Step 3: Sort the nodes by descending order of gains from $K,$and select the top $10$ nodes with the highest gain values $k_i$ and add them to $p_s$.

2.8. Statistical Analyses

An independent samples t-test was used to assess the significant differences between SZ and HC groups on parameters such as microstate features, topology, controllability, synchronization and pinned nodes. A p-value less than 0.05 was considered statistically significant.
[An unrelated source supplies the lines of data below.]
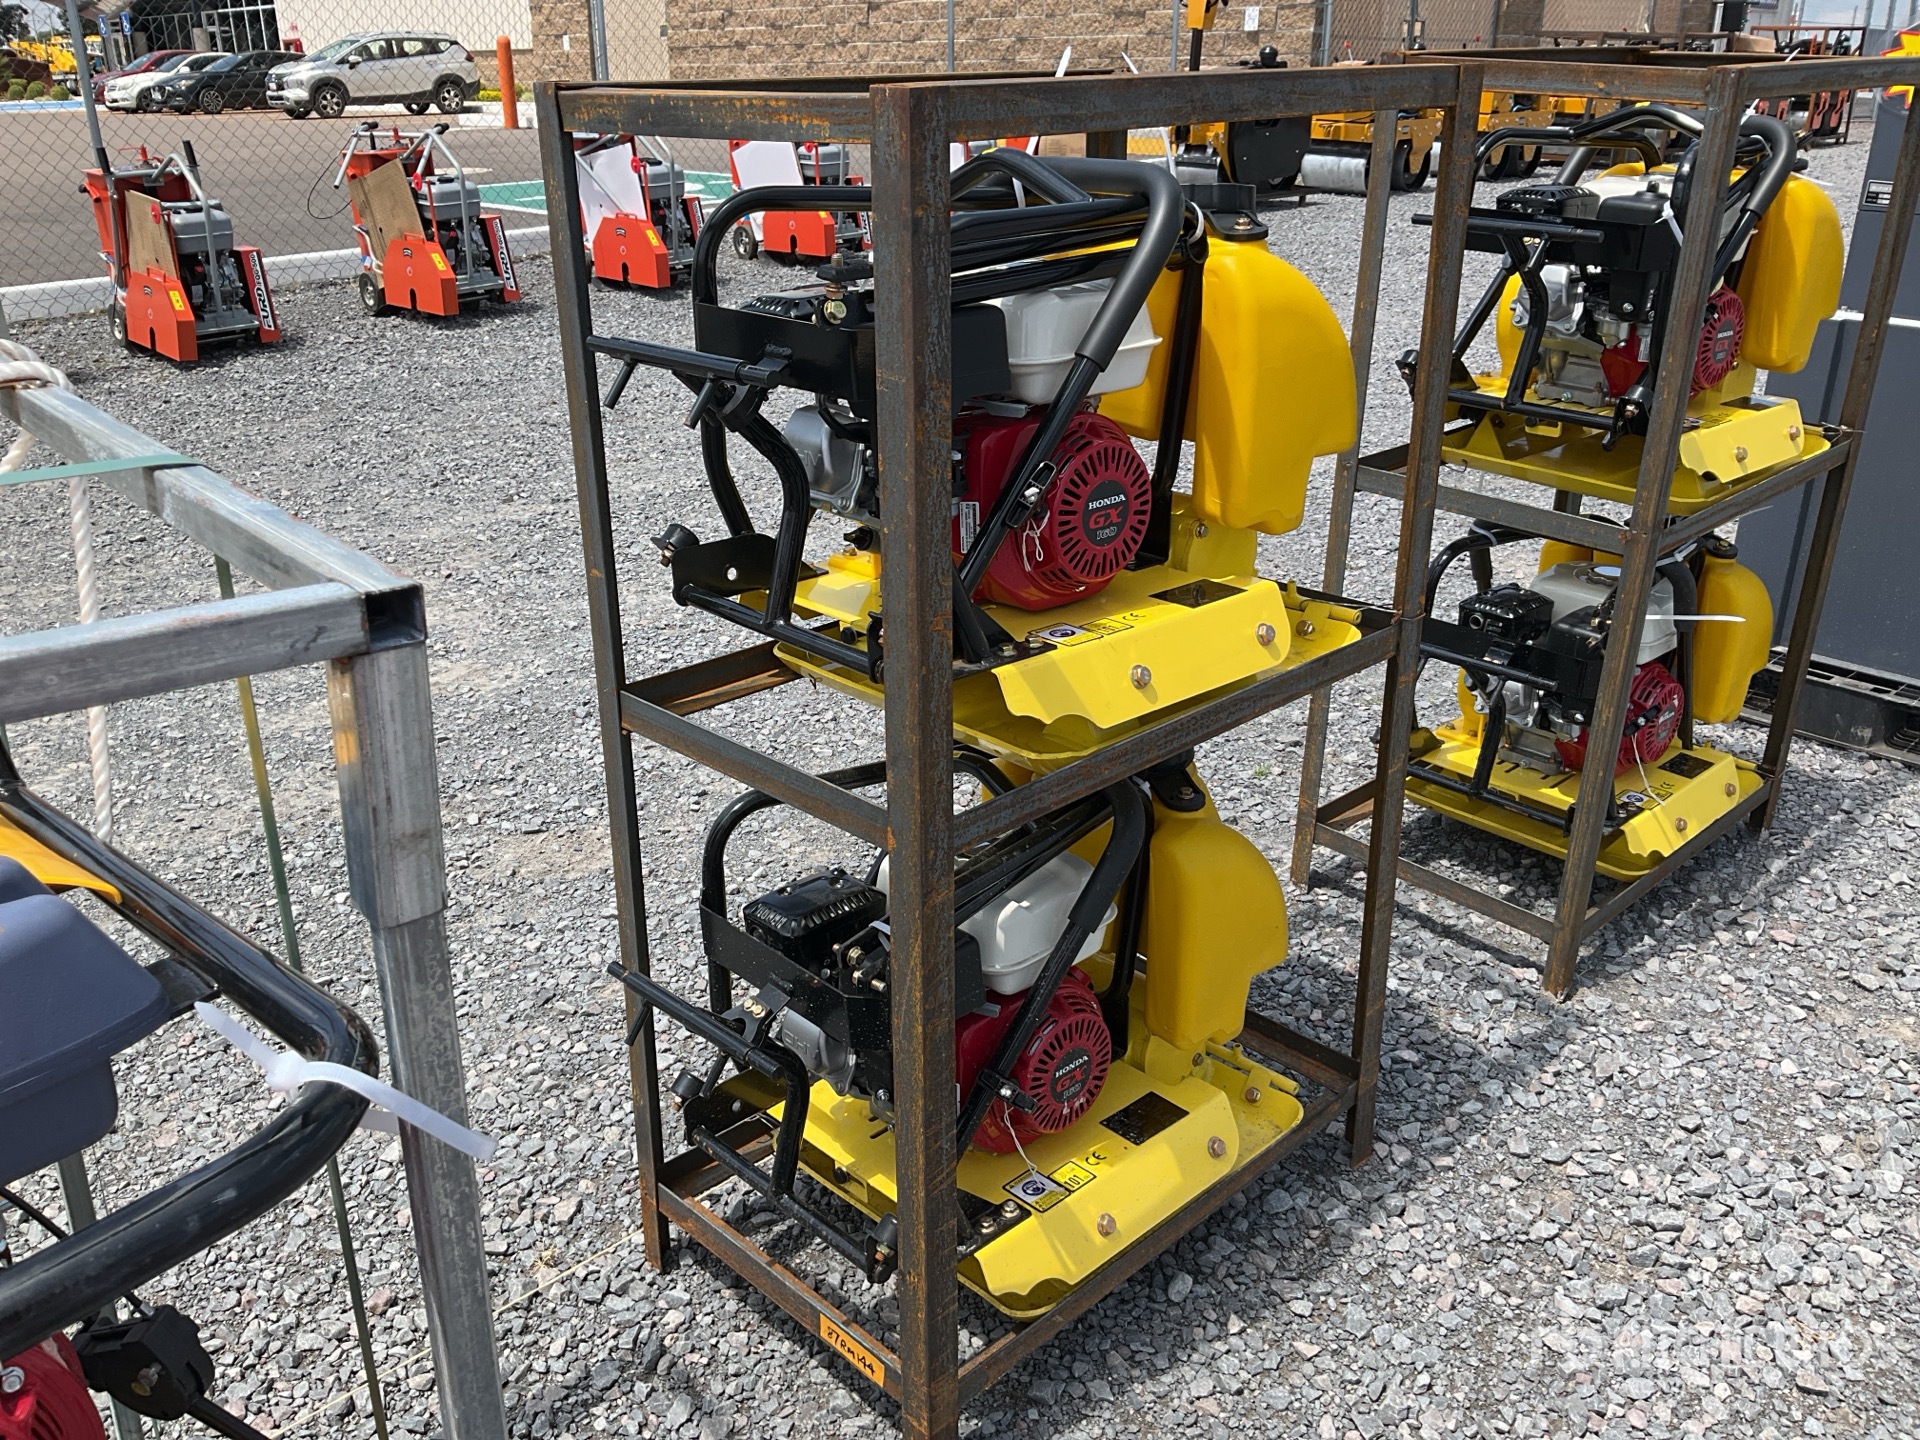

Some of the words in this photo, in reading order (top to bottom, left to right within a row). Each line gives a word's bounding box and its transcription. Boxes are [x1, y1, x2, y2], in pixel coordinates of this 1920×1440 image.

[1088, 494, 1126, 510] HONDA
[1089, 506, 1124, 529] GX
[1096, 526, 1117, 540] 160
[1055, 1055, 1089, 1078] HONDA
[1056, 1065, 1087, 1092] GX
[1064, 1174, 1084, 1188] 101
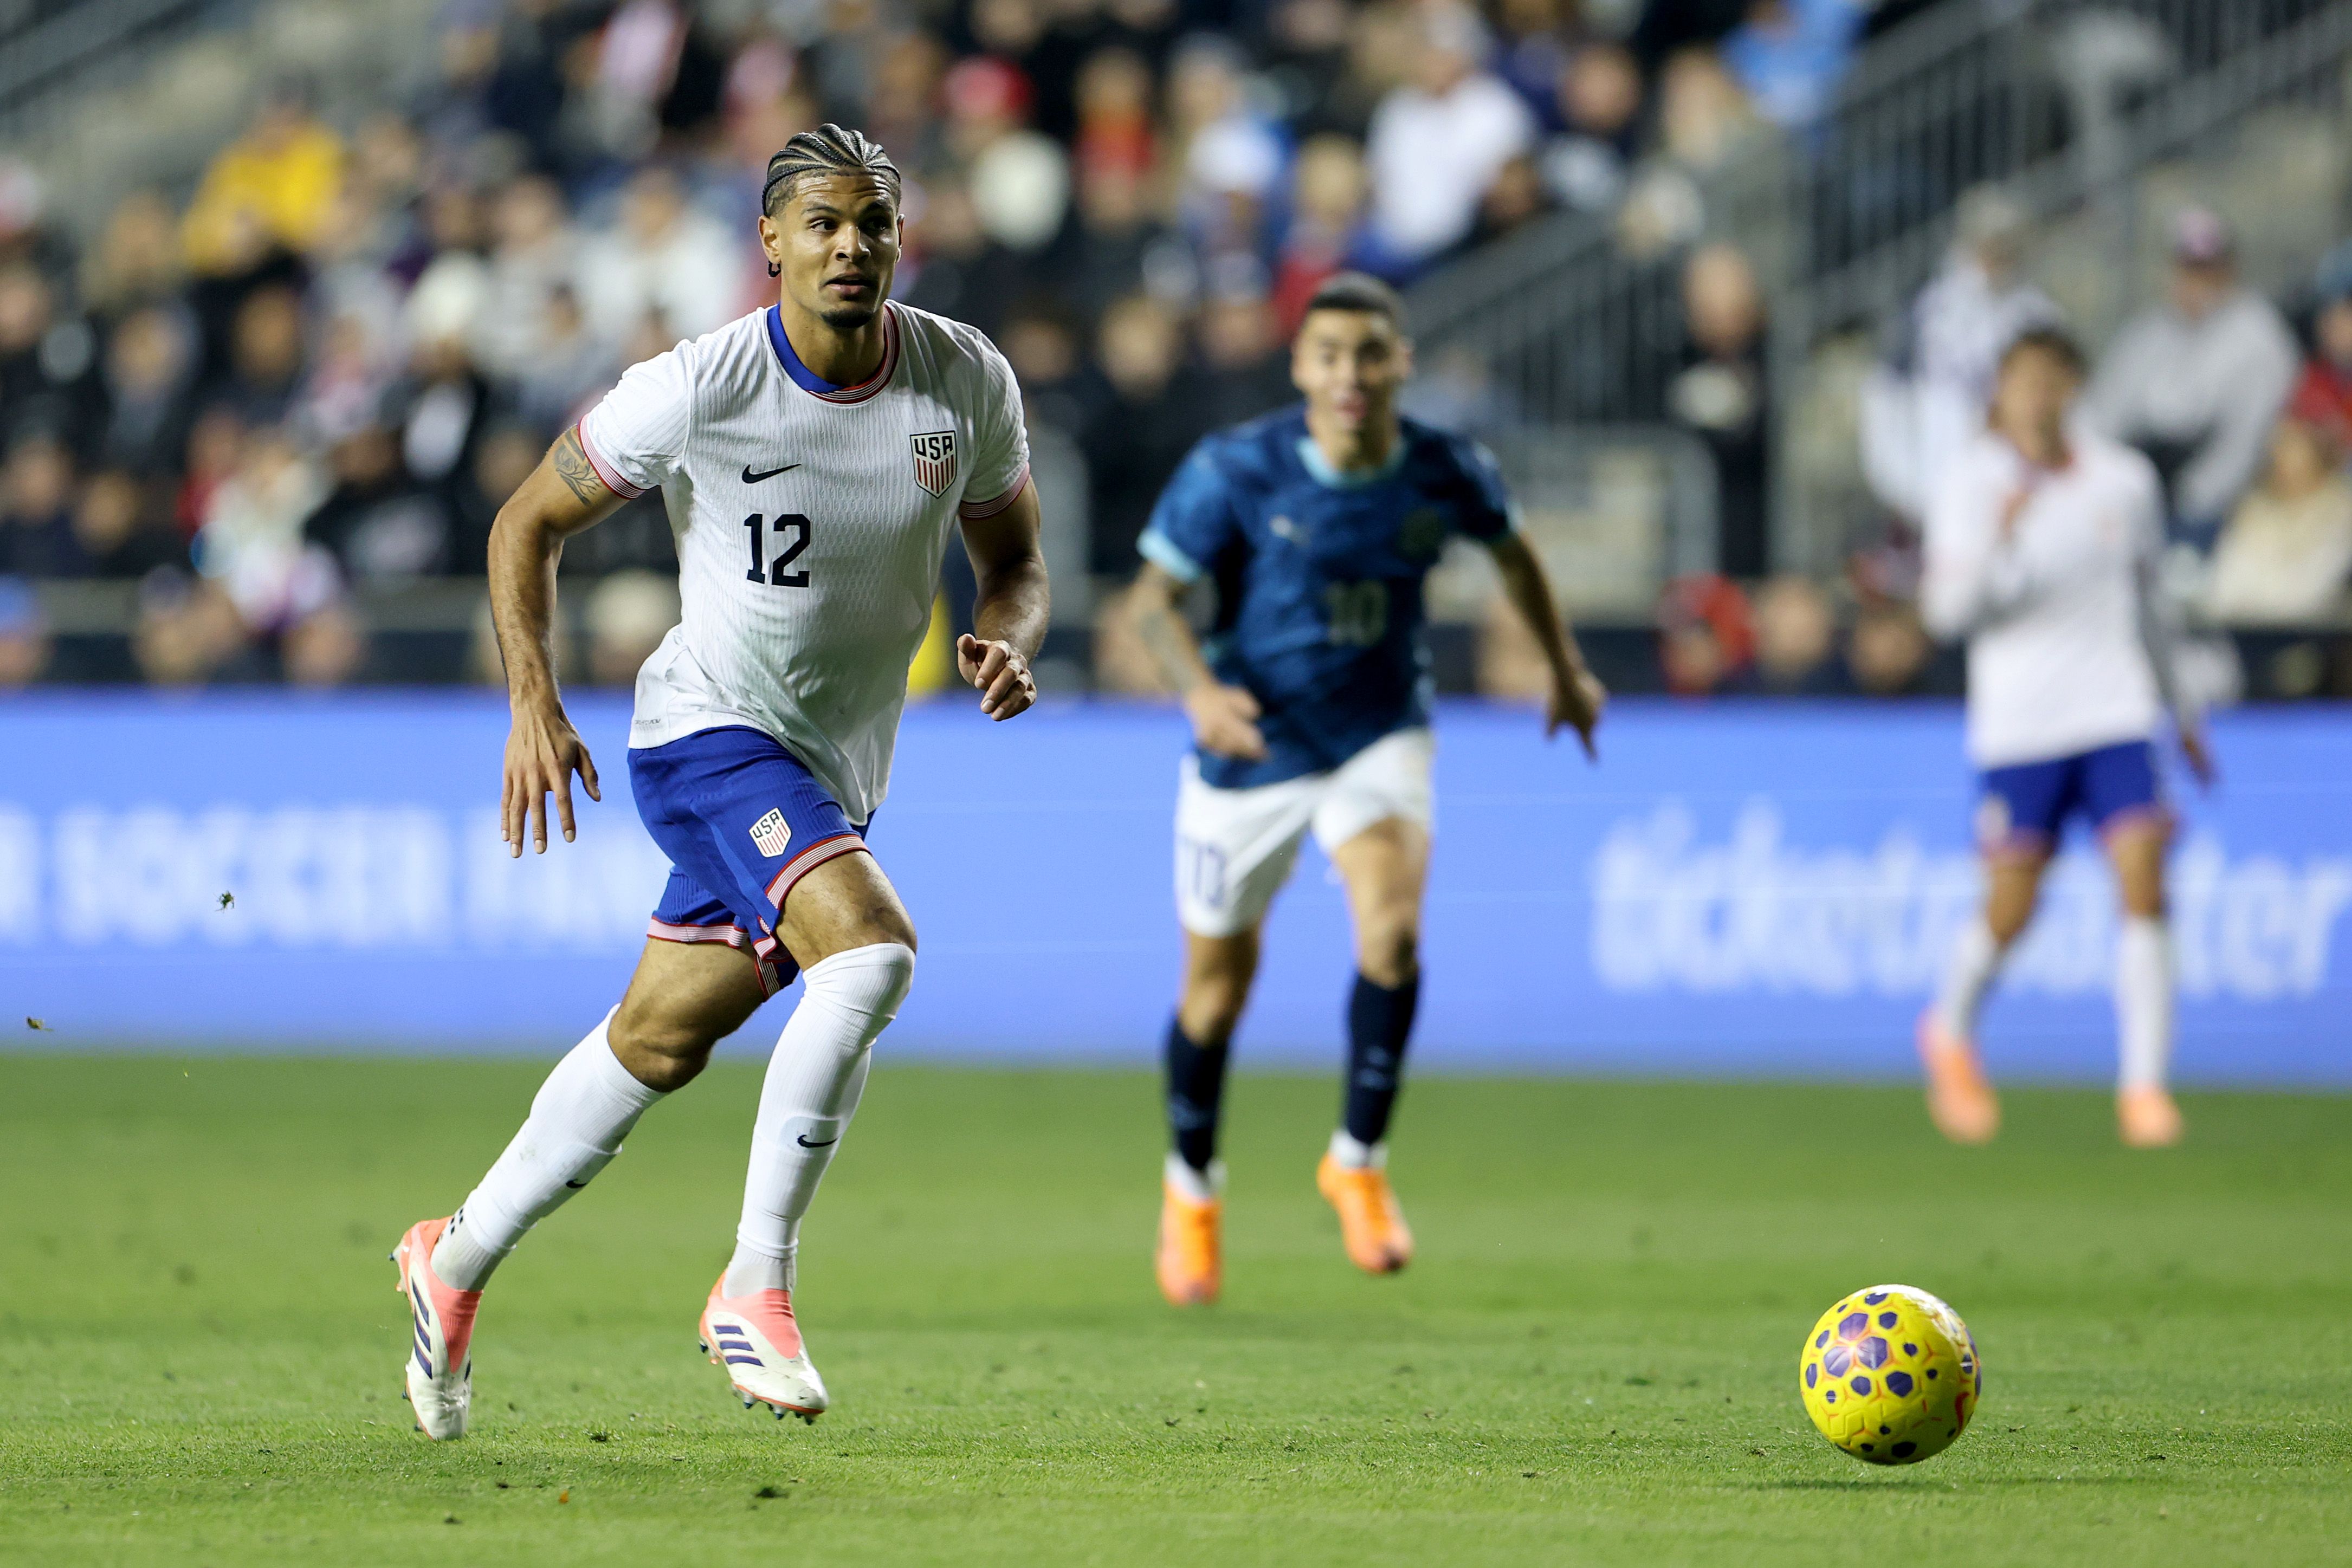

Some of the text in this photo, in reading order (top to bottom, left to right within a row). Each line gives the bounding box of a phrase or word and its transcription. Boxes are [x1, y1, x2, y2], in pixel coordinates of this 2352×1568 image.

[914, 436, 953, 461] USA
[744, 513, 811, 587] 12
[1324, 579, 1390, 647] 10
[752, 811, 780, 839] USA
[1591, 798, 2352, 997] ticketater
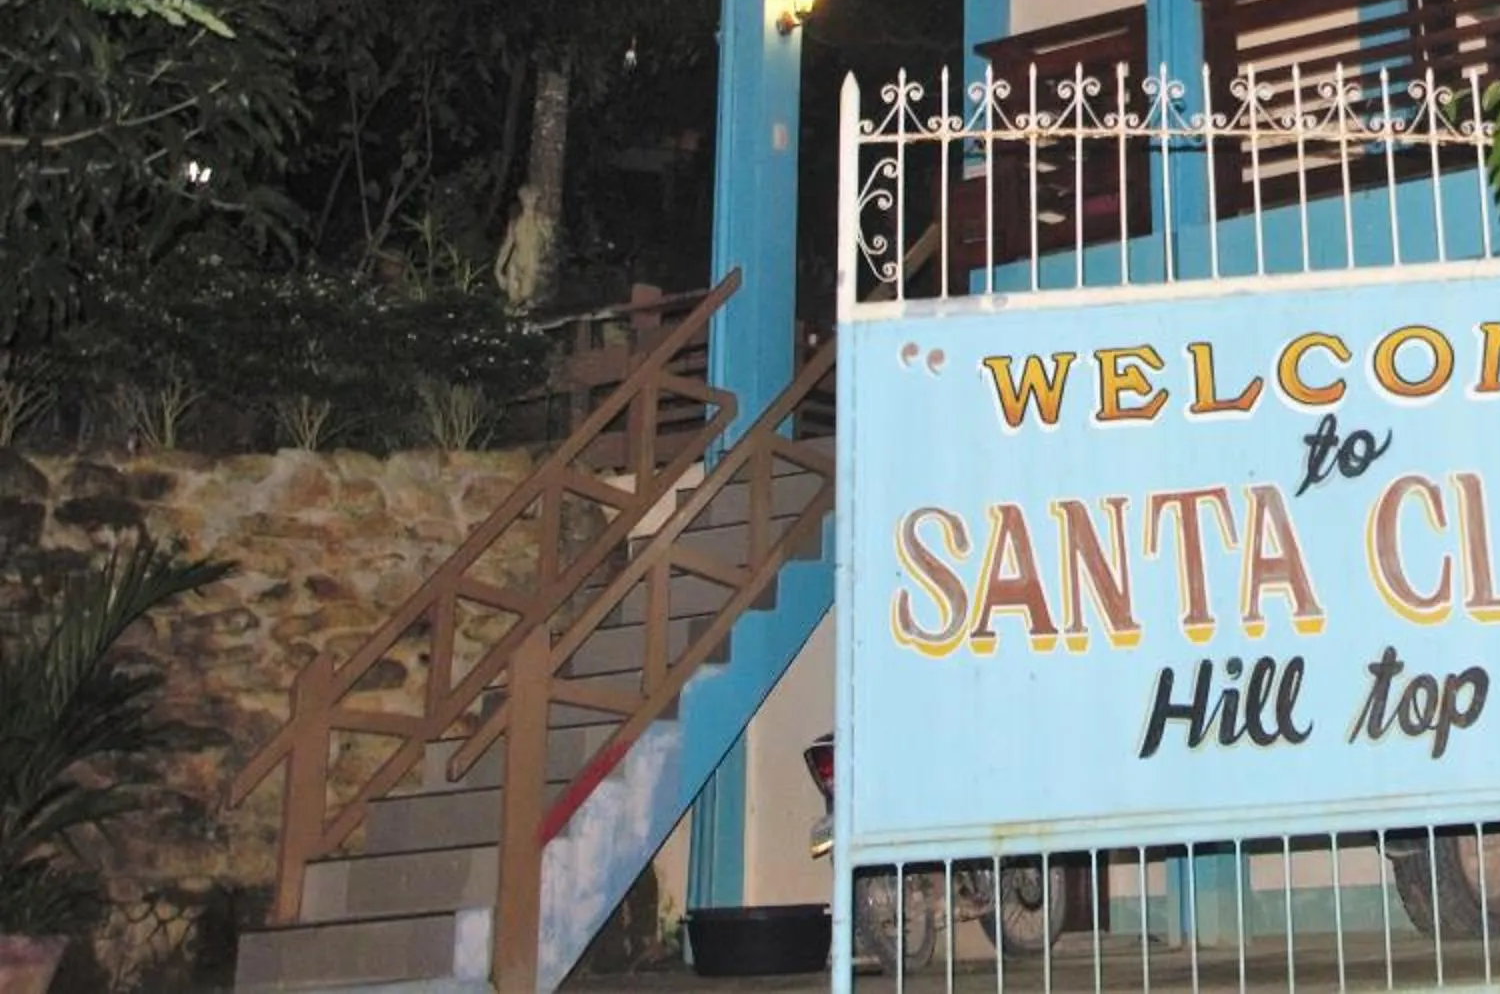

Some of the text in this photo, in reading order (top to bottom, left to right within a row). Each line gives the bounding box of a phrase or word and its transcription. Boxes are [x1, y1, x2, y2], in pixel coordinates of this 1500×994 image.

Pearson correlation was used to assess the relationship between the microstate topographic maps and network dynamics.

3. Results

3.1. Analysis of Microstate Network Topology

We compared the average microstate connectivity between the HC and SZ groups, as shown in Figure 3. To facilitate the visualization of the networks, a threshold was applied: only those connections with a PLV higher than 0.55 were depicted. The results show that the distribution of each microstate’s connectivity was consistent with the corresponding microstate topographic map. To further explore whether the microstate topology distribution conforms to the microstate topographic map distribution, the topology topographic maps for each microstate of the SZ and HC group are shown in Figure 4. We found that the distributions of the topographic maps for Lp and Eg were consistent with the corresponding microstate topographic maps and that the differences were mainly reflected in the values. Surprisingly, it is evident that the distributions of the topographic maps of Cp and Eloc did not obey the corresponding microstate topographic maps, and their difference was only significant in the right prefrontal and parietal-occipital lobes. The Pearson correlations between the microstate topologies and their basic parameters were calculated, respectively, as demonstrated in Figure 5, and it is revealed that there was a significant correlation between the microstate D and the microstate topologies.

3.2. Analysis of Microstate Network Controllability

The intergroup and intragroup effects of the controllability of the whole brain for the four types of microstates were counted separately, as illustrated in Figure 6. The results showed that the AC of microstate B and microstate D was significantly decreased, and that the MC of microstate D was significantly decreased in the SZ group. Significant intra-group differences in the AC were observed mainly in microstates B, C, and D, and the descending order of the AC of microstates was D > C > B in HC group, whereas the descending order of microstates was C > D > B in the SZ group. And there was no significant difference within the MC group (p > 0.05).

Figure 7 shows that the distribution of nodes with high AC was consistent with the distribution of the corresponding microstate topographic maps, whereas the distribution of nodes with high MC was not consistent. Specifically, the results showed that the AC was significantly increased in the left-frontal of microstate B (4/F3, 5/FC3, 32/AF3, 37/F1) and significant decreased in the frontal (10/Fz, 37/F1, 40/F2) and occipital lobes (20/P7, 27/O2, 30/Oz, 54/PO8) of microstate D in the SZ group. However, the MC was significantly lower in the right-frontal (3/Fp2, 10/Fz, 31/Fpz, 35/AF8, 36/AF4, 40/F2) and parieto-occipital lobes (20/P7, 26/P4, 27/O2, 30/Oz, 51/PO3, 52/PO7, 54/PO8, 55/P6, 57/PO4, 59/POz) in the SZ group. For microstate D, high AC nodes were concentrated in the medial frontal and parieto-occipital lobes, and high MC nodes were concentrated in the right-frontal and occipital lobes.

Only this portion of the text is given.